_Data to use_
++++

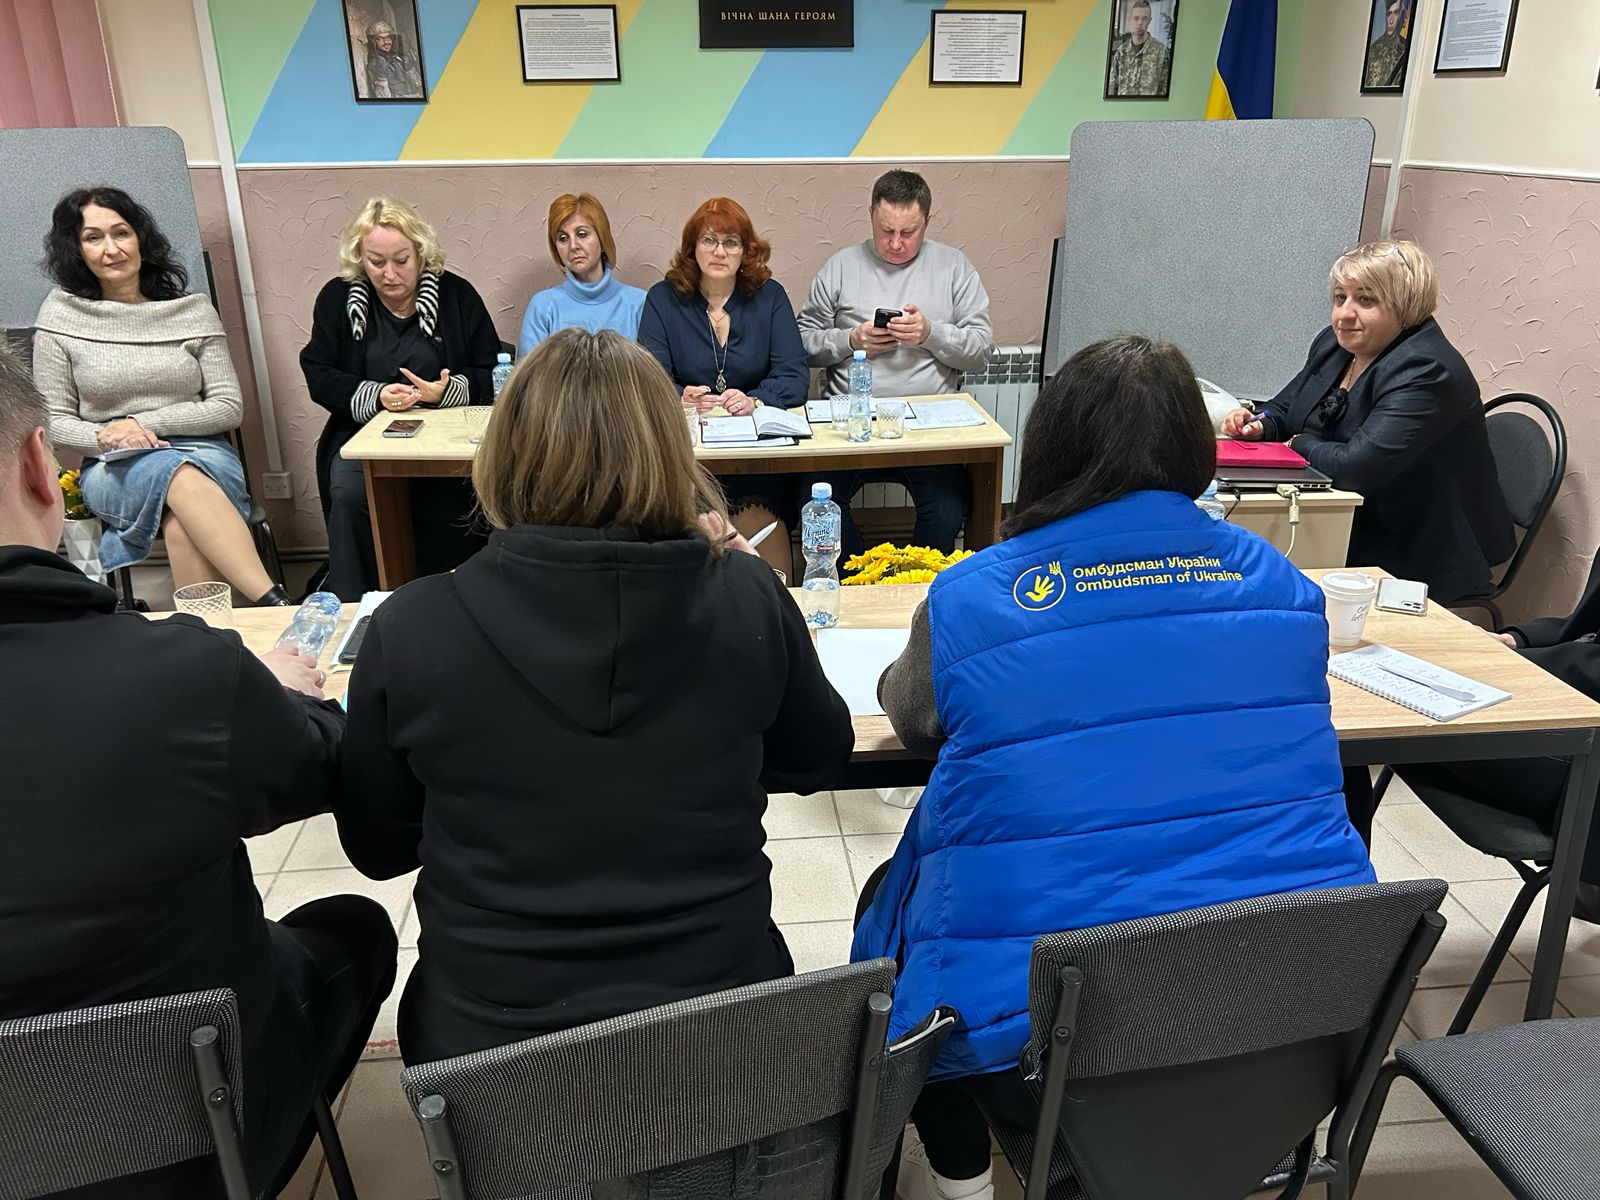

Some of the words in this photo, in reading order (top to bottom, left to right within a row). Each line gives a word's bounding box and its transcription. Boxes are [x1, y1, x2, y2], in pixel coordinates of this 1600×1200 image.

[720, 11, 754, 21] ВІЧНА
[758, 11, 791, 21] ШАНА
[794, 11, 837, 21] ГЕРОЯМ
[1072, 558, 1165, 579] Омбудсман
[1166, 555, 1221, 572] України
[1075, 573, 1173, 593] Ombudsman
[1175, 572, 1191, 584] of
[1194, 570, 1243, 583] Ukraine

++++

_Work to be completed_
Reproduce the material in its entirety and word for word, without the pictures.

_Worked solution_
Some of the words in this photo, in reading order (top to bottom, left to right within a row). Each line gives a word's bounding box and its transcription. Boxes are [x1, y1, x2, y2], in pixel coordinates of this 1600×1200 image.

[720, 11, 754, 21] ВІЧНА
[758, 11, 791, 21] ШАНА
[794, 11, 837, 21] ГЕРОЯМ
[1072, 558, 1165, 579] Омбудсман
[1166, 555, 1221, 572] України
[1075, 573, 1173, 593] Ombudsman
[1175, 572, 1191, 584] of
[1194, 570, 1243, 583] Ukraine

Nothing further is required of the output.